(Data for review begins)

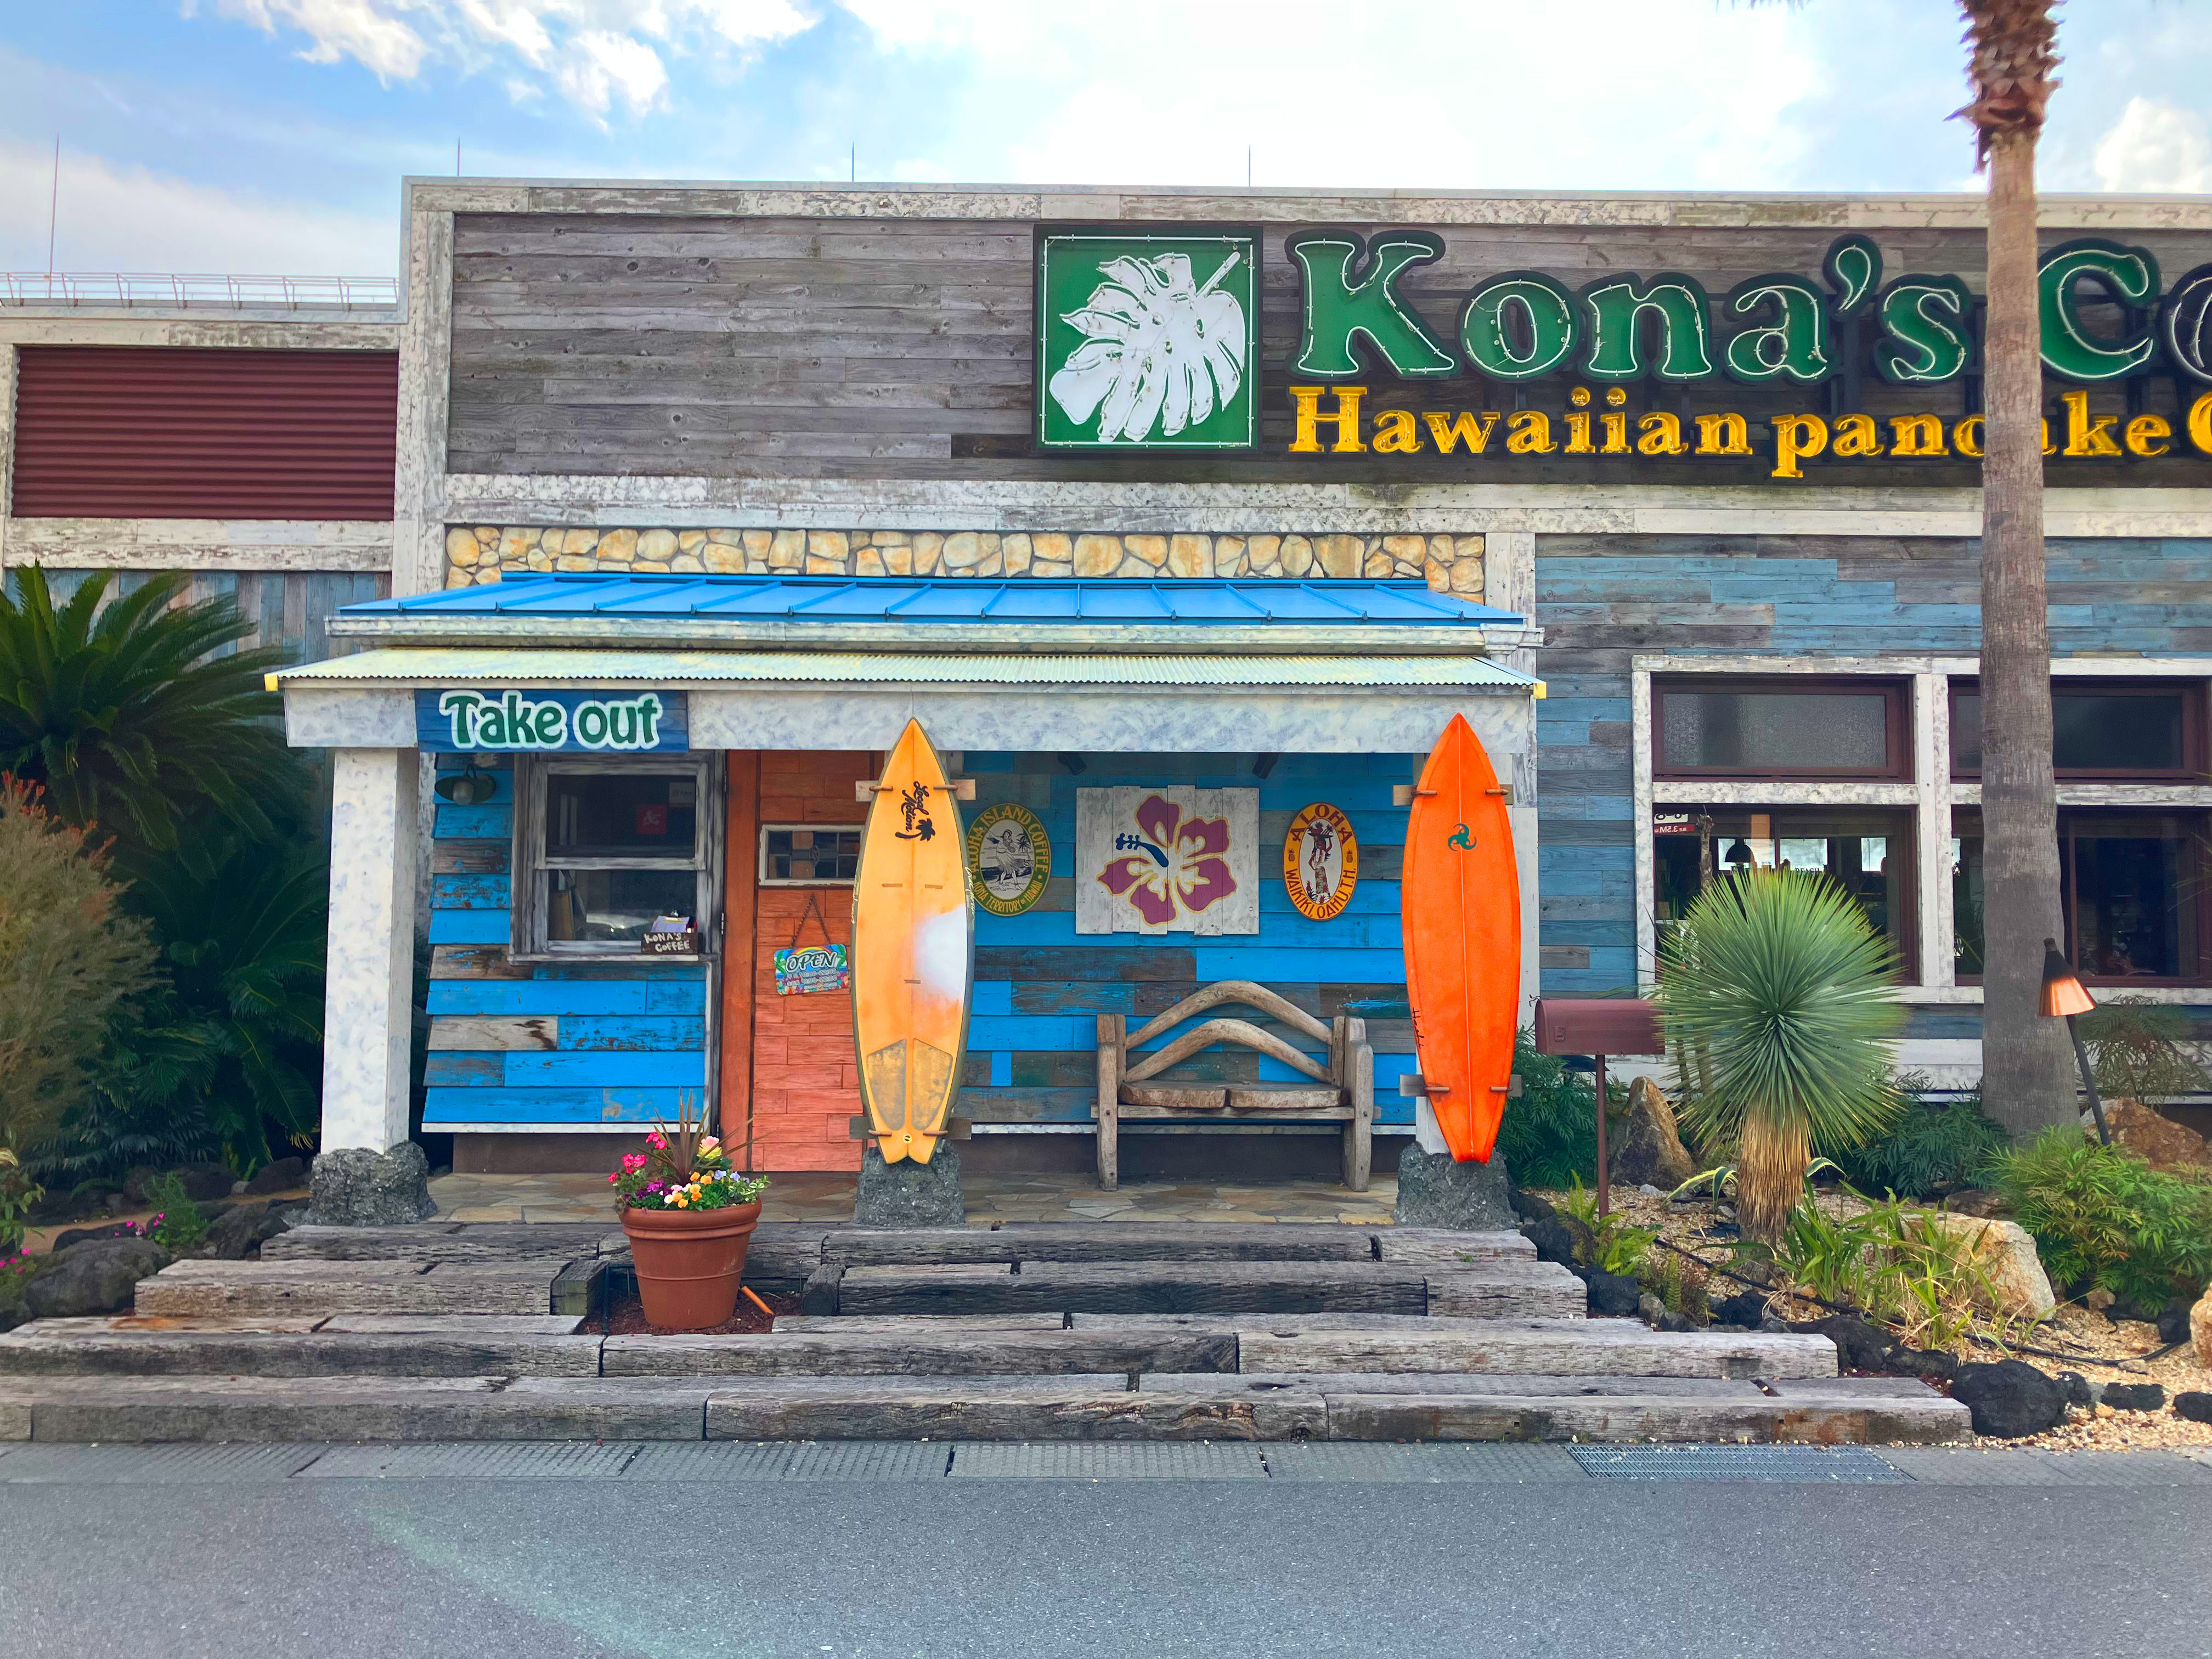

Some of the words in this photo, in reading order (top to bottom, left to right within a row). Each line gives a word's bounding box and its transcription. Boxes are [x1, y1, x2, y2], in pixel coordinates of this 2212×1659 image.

[1287, 232, 1971, 384] Kona's
[1288, 386, 1753, 456] Hawaiian
[1770, 390, 2172, 478] pancke
[441, 691, 566, 748] Take
[574, 694, 661, 748] out
[901, 789, 916, 833] Motion
[913, 781, 929, 815] Local
[967, 826, 985, 872] ALOHA
[979, 805, 1032, 827] ISLAND
[1028, 823, 1050, 873] COFFEE
[1290, 804, 1353, 845] ALOHA
[986, 895, 1023, 913] TERRITORY
[1024, 880, 1043, 903] HAWAII
[786, 951, 836, 972] OPEN
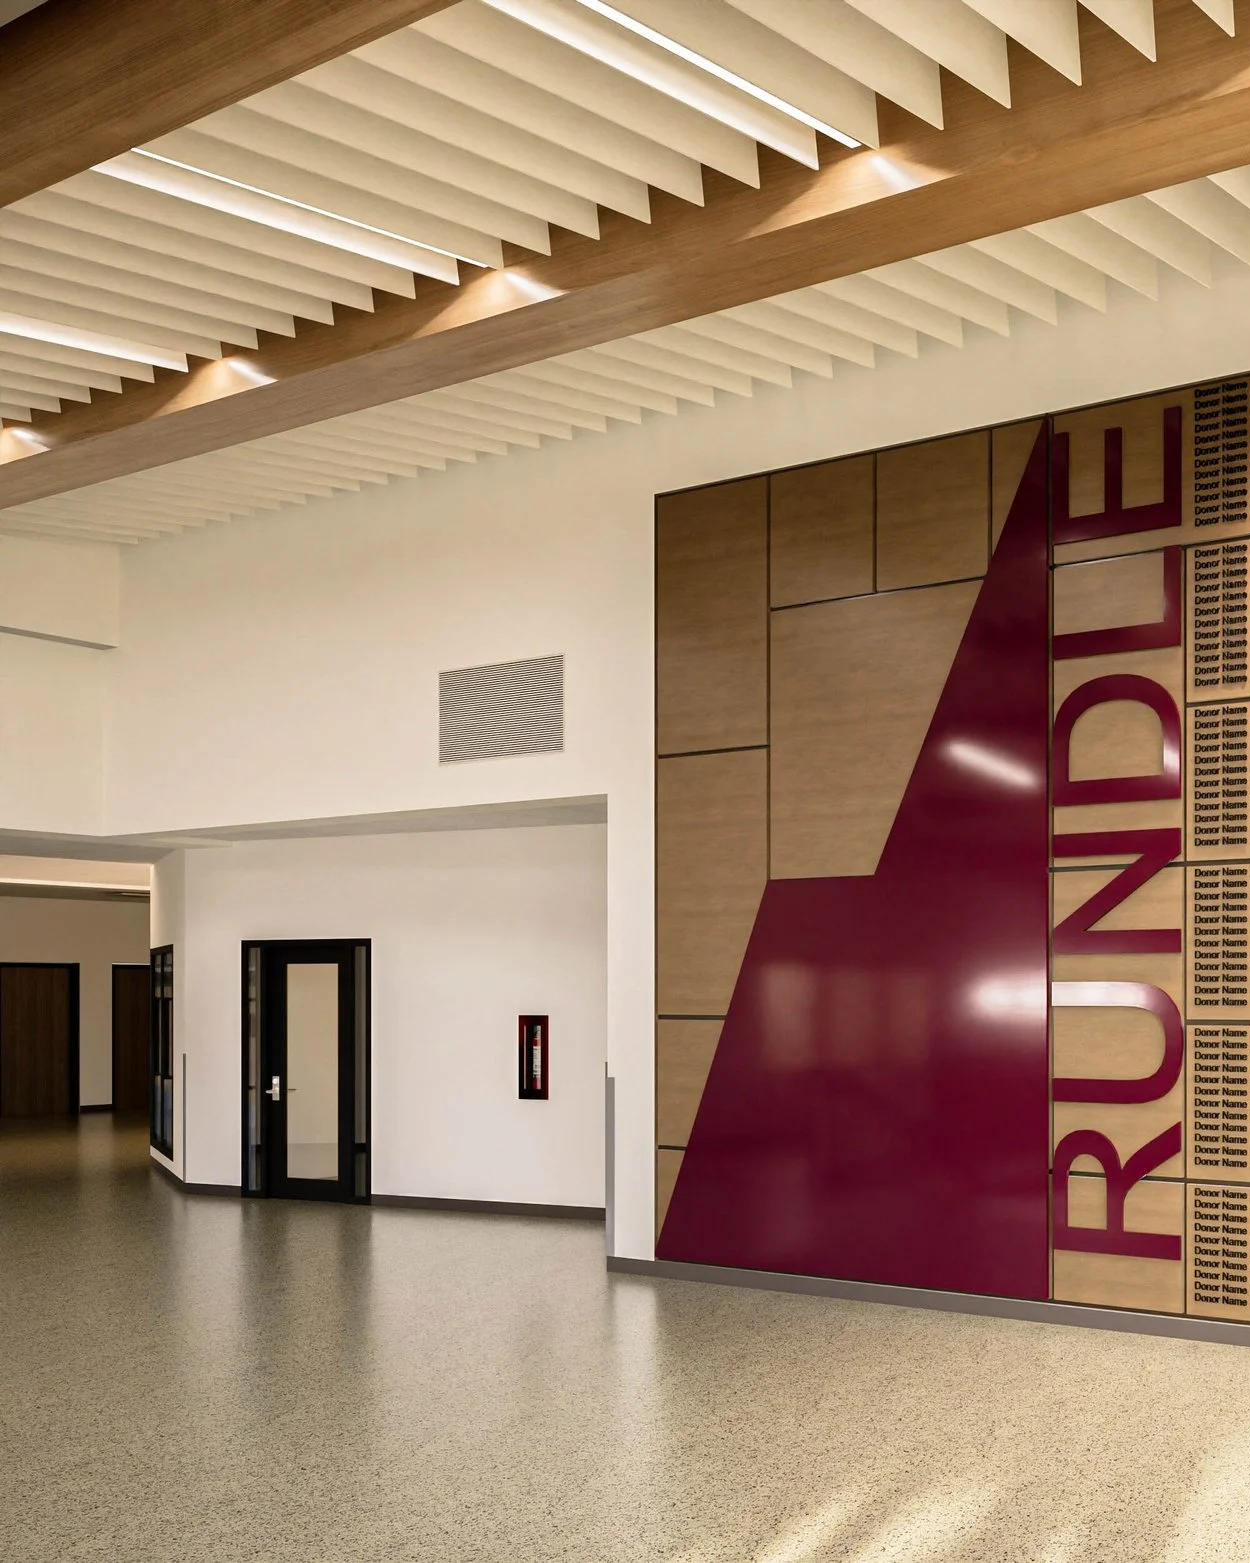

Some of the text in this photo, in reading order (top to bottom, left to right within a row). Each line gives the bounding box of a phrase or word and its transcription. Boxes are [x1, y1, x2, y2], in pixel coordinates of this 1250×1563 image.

[1194, 512, 1247, 528] Donor Name
[1194, 674, 1247, 687] Donor Name
[1194, 706, 1247, 718] Donor Name
[1052, 405, 1184, 1261] RUNDLE
[1194, 835, 1247, 847] Donor Name
[1194, 867, 1247, 878] Donor Name
[1194, 997, 1247, 1006] Donor Name
[1194, 1027, 1247, 1037] Donor Name
[1194, 1156, 1247, 1168] Donor Name
[1194, 1187, 1247, 1200] Donor Name
[1194, 1292, 1247, 1306] Donor Name
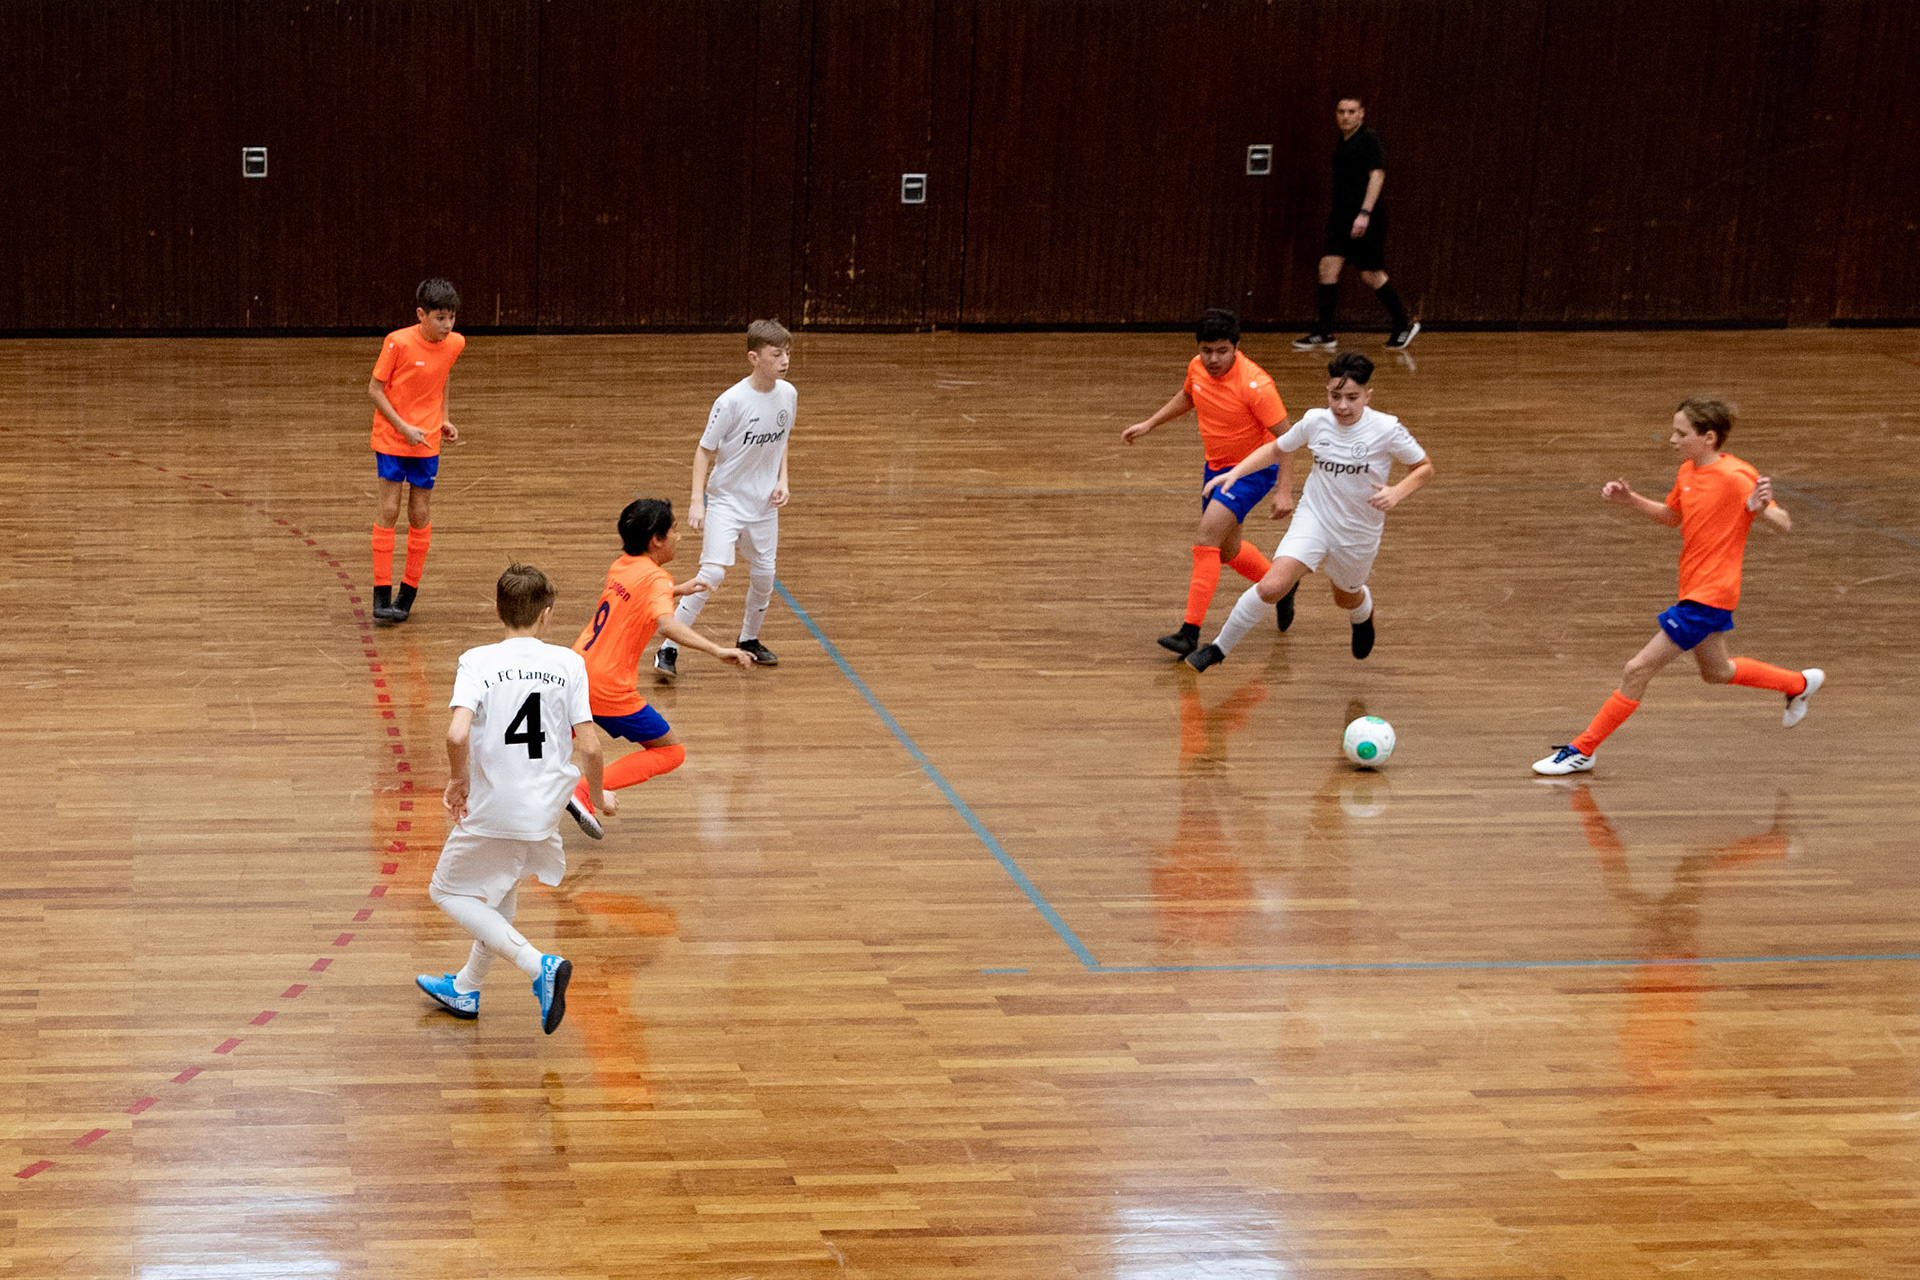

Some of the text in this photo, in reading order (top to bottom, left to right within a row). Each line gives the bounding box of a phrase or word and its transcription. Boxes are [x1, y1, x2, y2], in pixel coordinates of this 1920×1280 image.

[583, 600, 610, 651] 9
[497, 668, 514, 682] FC
[518, 669, 566, 687] Langen
[504, 692, 546, 760] 4

(Data for review ends)

Instructions for the task: Give back the lines of the listing from the one with "this 1920×1280 image." through the end, both included, exactly as written and with nothing added.

Written answer:
Some of the text in this photo, in reading order (top to bottom, left to right within a row). Each line gives the bounding box of a phrase or word and its transcription. Boxes are [x1, y1, x2, y2], in pixel coordinates of this 1920×1280 image.

[583, 600, 610, 651] 9
[497, 668, 514, 682] FC
[518, 669, 566, 687] Langen
[504, 692, 546, 760] 4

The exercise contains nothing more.